In 2020, SLSD agreed on a new joint commitment with focus on climate transformation and making transition just in line with agenda 2030. Scania has engaged in sub-projects, among others within the field of raw materials transparency.

Global Deal – Together for decent work and inclusive growth

The Global Deal: supporting inclusive growth

As the world of work becomes more globalised and disrupted by new technologies, it’s vital that no-one is left behind. The Global Deal is a multistakeholder partnership for decent working conditions and inclusive growth, highlighting the value of social dialogue among business, government, trade unions, civil society and others. Scania has been a partner of the Global Deal since it was launched in 2016. At Scania, we believe that meaningful social dialogue and equality are key to a just transition, and our engagement with the initiative reflects this belief.

In 2020, we supported the publication of the Global Deal’s flagship report, which highlights the role of social dialogue in responding to the Covid-19 pandemic.  

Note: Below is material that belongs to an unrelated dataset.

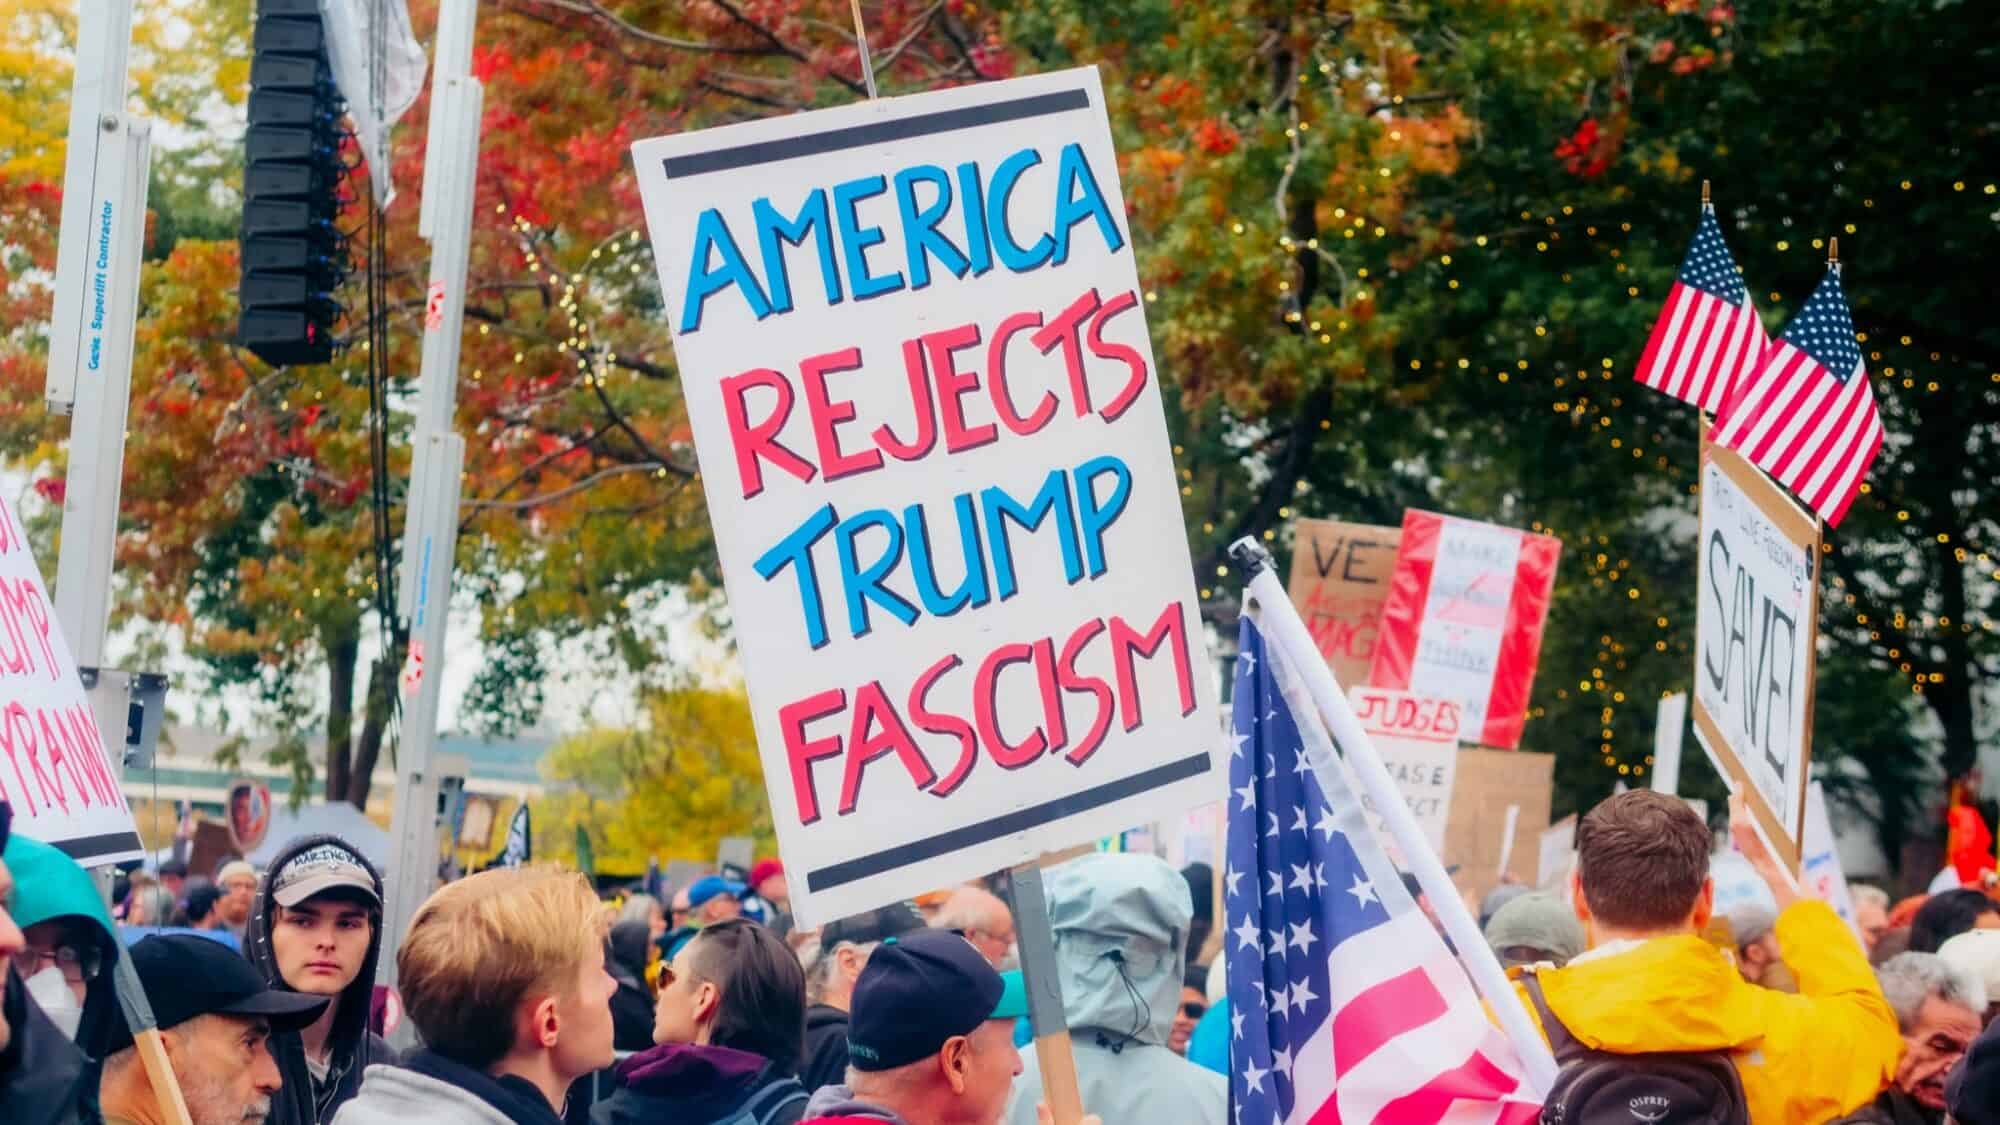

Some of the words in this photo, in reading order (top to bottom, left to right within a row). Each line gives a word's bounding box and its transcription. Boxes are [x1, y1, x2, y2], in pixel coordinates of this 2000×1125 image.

Pathways Coalition Breaking down barriers to fossil-free transport

The Pathways Coalition is an initiative bringing together Scania, E.ON, H&M, and Siemens to explore cross-sector approaches to achieving a fossil-free heavy transport system by 2050, in line with the Paris Agreement. Since it was formed in 2018, the coalition has driven debate around how to achieve sustainable transport. Topics highlighted in recent meetings included the importance of promoting common standards in biofuel availability, and the need to decarbonise the energy sector in parallel with transport electrification.

In 2020, the telecoms company Ericsson joined the Pathways Coalition and it’s membership will bring valuable insights into the role connectivity and technology can play in sustainably transport.

European Automobile Manufacturers Association (ACEA) joined forced with the Potsdam Institute for climate impact Research (PIK)

Henrik Henriksson, Scania’s President and CEO, was appointed chairman of ACEA Commercial Vehicles Board of Directors during 2020 and has been a key player to promote an aligned dialogue to sustainable transport across the industry. In September 2020, a partnership to create a platform for dialogue between science and business on pathways to a carbon-neutral road freight transport system, was established.

The partnership resulted in a joint declaration by ACEA and PIK, outlined the roadmap and conditions for transforming the road freight transport system and concludes that by 2040 all new trucks sold need to be fossil free in order to reach carbon-neutrality by 2050. It will be possible to meet this target provided the right charging/refuelling infrastructure is built and a coherent policy framework is put into place, including comprehensive CO2 pricing to drive the transition.  

Awards 2020

Scania’s fourth consecutive Green Truck test victory

In the German “Green Truck”, a comparative test, the lowest fuel consumption is the single focus. For the 2020 award, a GTW of 40 tons and +500 hp was stipulated for the 360 km test track north of Munich. All premium brands participated but once again Scania, this time with an R 540, proved that the lowest fuel consumption can be combined with the highest average speed, thus offering European haulers an unsurpassed combination.

Green Truck 2019 is a German comparison fuel test organized by two leading German trade magazines, Trucker and Verkehrs-Rundschau which focuses on the lowest fuel consumption.